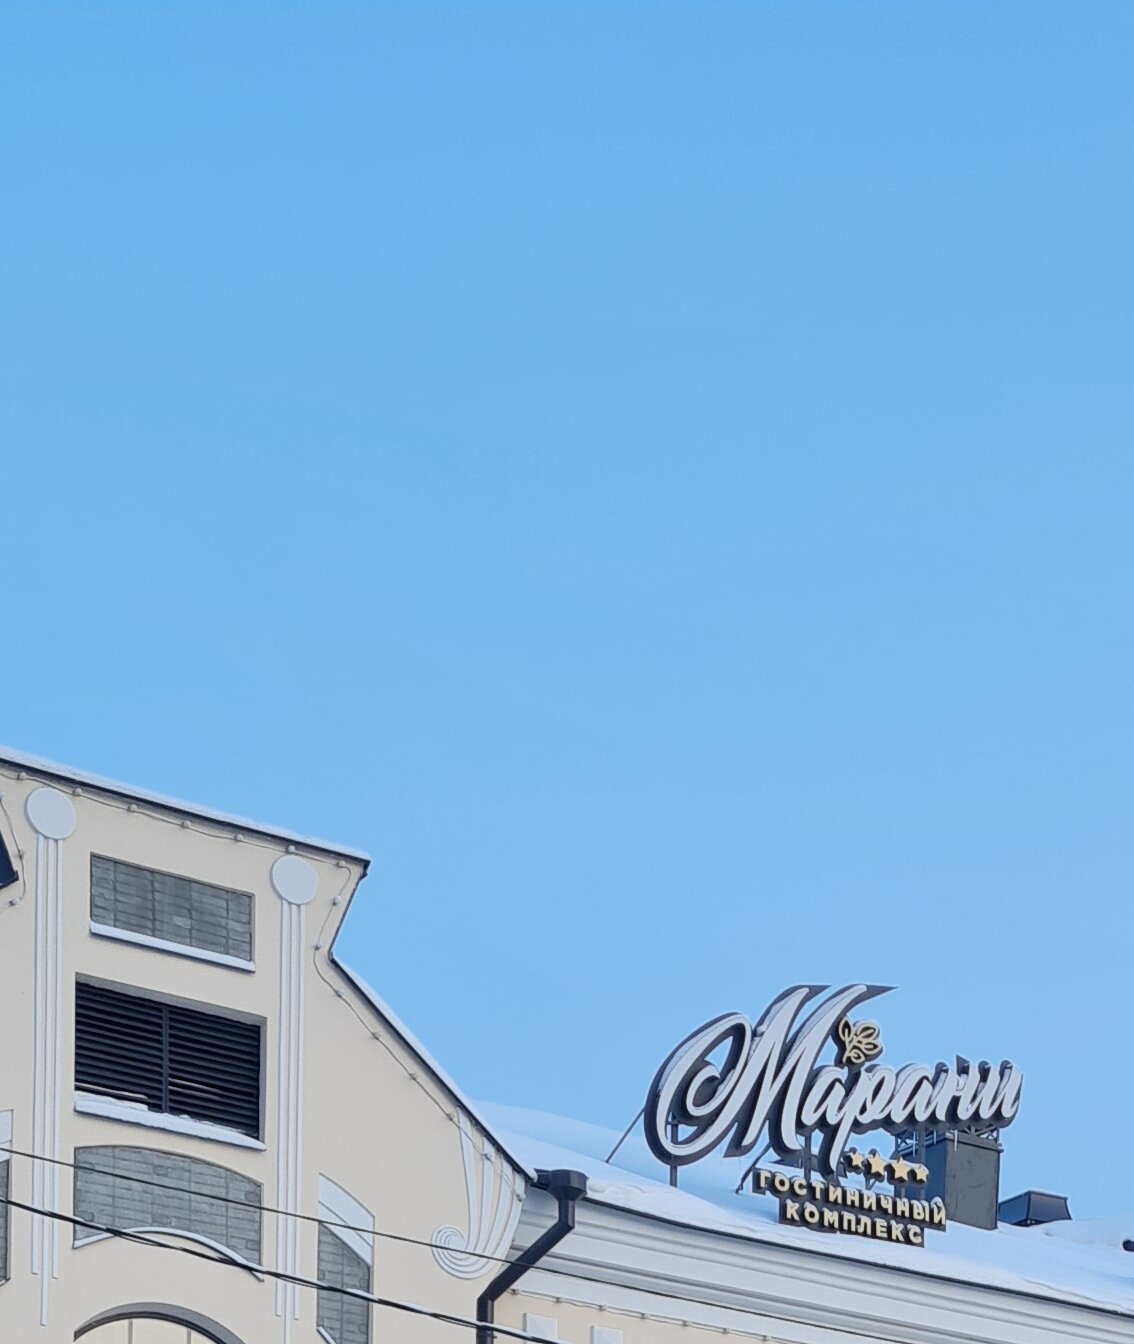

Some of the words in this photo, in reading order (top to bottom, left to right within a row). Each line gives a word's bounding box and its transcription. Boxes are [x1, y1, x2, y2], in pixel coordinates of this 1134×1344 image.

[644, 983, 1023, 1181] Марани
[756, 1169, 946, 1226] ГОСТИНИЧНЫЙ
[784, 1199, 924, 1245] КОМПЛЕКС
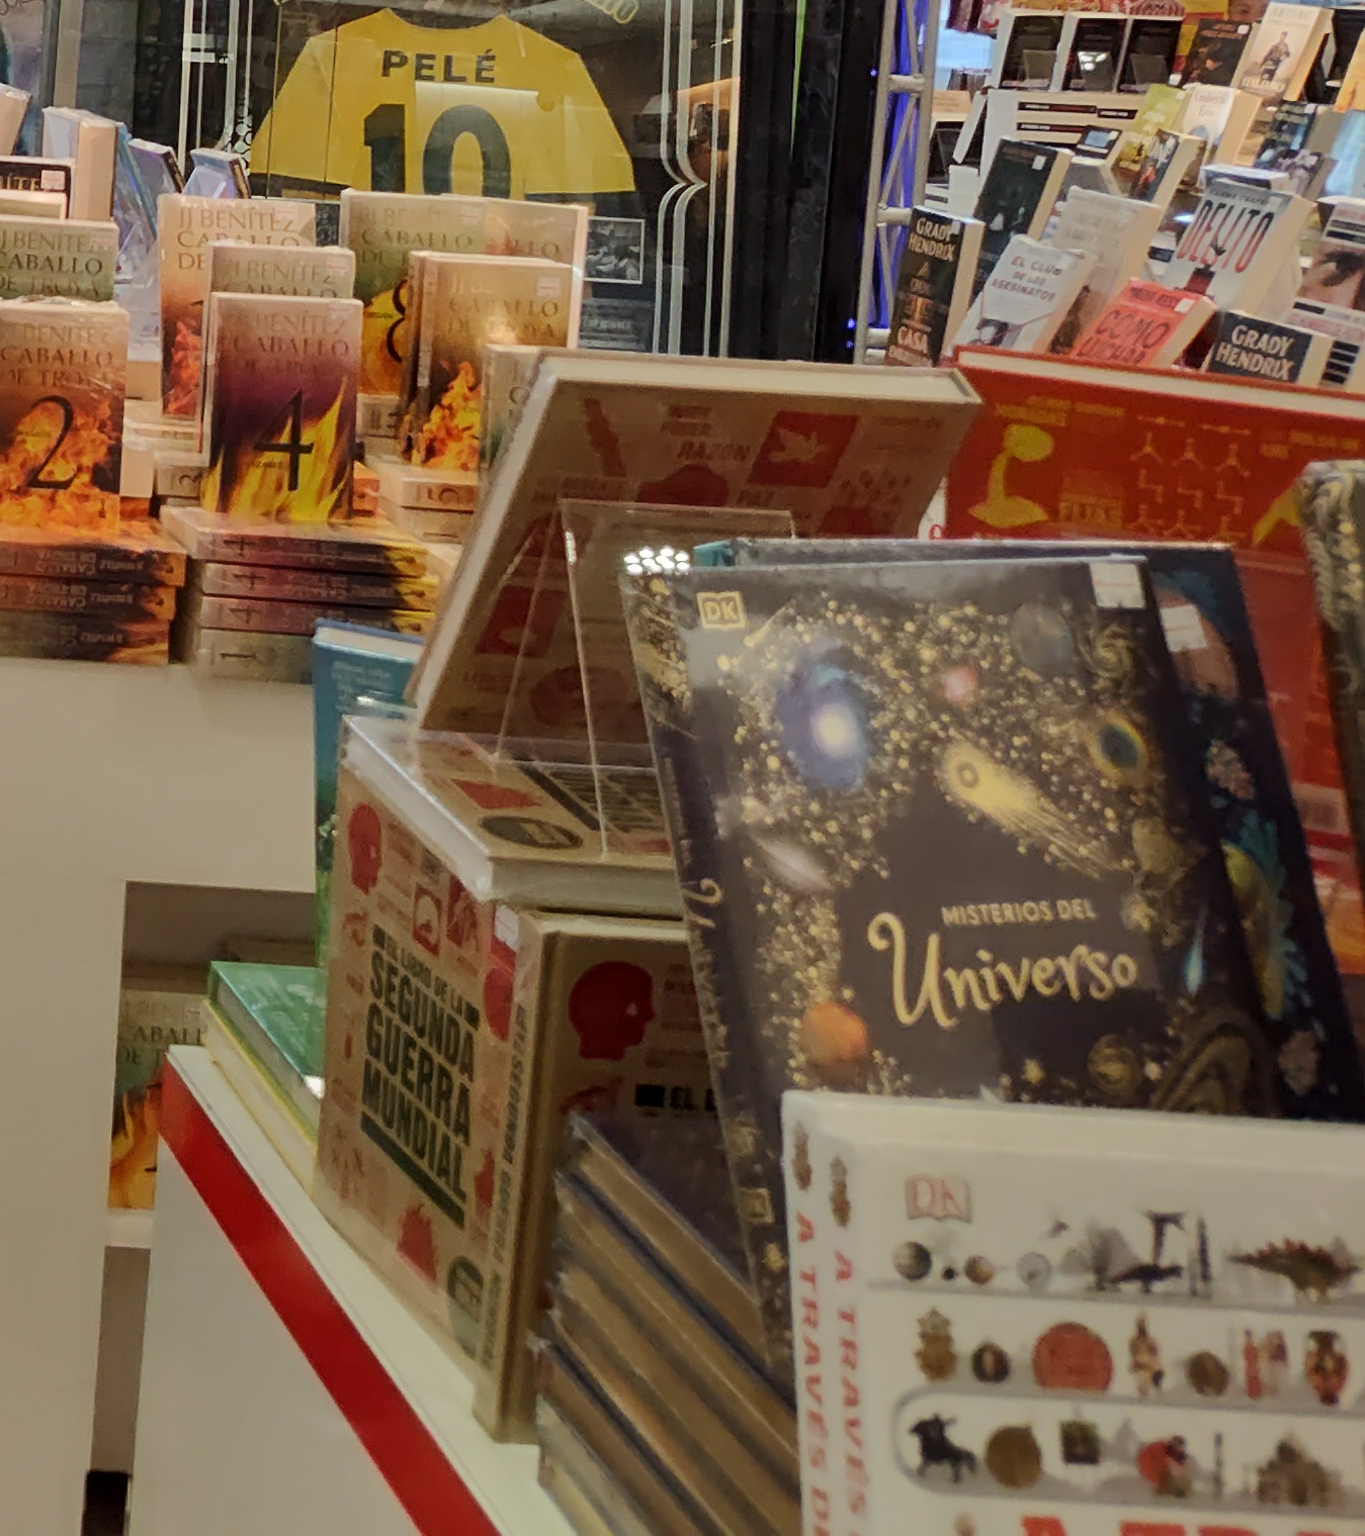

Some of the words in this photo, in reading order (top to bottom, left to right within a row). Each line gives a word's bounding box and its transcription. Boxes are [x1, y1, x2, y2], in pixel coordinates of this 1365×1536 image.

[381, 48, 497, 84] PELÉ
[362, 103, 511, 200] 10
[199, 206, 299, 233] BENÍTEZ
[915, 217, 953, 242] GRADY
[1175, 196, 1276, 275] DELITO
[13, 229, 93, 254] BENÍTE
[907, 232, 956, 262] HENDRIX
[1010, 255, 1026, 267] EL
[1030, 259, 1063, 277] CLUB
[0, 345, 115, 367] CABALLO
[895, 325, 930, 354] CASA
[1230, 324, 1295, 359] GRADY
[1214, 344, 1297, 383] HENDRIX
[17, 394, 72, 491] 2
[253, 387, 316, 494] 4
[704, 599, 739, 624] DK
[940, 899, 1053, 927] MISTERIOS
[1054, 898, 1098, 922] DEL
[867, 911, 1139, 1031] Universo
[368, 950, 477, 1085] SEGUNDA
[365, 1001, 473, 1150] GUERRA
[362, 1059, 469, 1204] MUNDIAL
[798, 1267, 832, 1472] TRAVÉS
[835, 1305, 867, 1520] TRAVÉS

Required action> Each entry above should be printed again word for word, with any picture dropped.

Solution for this problem>
Some of the words in this photo, in reading order (top to bottom, left to right within a row). Each line gives a word's bounding box and its transcription. Boxes are [x1, y1, x2, y2], in pixel coordinates of this 1134×1344 image.

[644, 983, 1023, 1181] Марани
[756, 1169, 946, 1226] ГОСТИНИЧНЫЙ
[784, 1199, 924, 1245] КОМПЛЕКС

Some of the words in this photo, in reading order (top to bottom, left to right within a row). Each line gives a word's bounding box and its transcription. Boxes are [x1, y1, x2, y2], in pixel coordinates of this 1365×1536 image.

[381, 48, 497, 84] PELÉ
[362, 103, 511, 200] 10
[199, 206, 299, 233] BENÍTEZ
[915, 217, 953, 242] GRADY
[1175, 196, 1276, 275] DELITO
[13, 229, 93, 254] BENÍTE
[907, 232, 956, 262] HENDRIX
[1010, 255, 1026, 267] EL
[1030, 259, 1063, 277] CLUB
[0, 345, 115, 367] CABALLO
[895, 325, 930, 354] CASA
[1230, 324, 1295, 359] GRADY
[1214, 344, 1297, 383] HENDRIX
[17, 394, 72, 491] 2
[253, 387, 316, 494] 4
[704, 599, 739, 624] DK
[940, 899, 1053, 927] MISTERIOS
[1054, 898, 1098, 922] DEL
[867, 911, 1139, 1031] Universo
[368, 950, 477, 1085] SEGUNDA
[365, 1001, 473, 1150] GUERRA
[362, 1059, 469, 1204] MUNDIAL
[798, 1267, 832, 1472] TRAVÉS
[835, 1305, 867, 1520] TRAVÉS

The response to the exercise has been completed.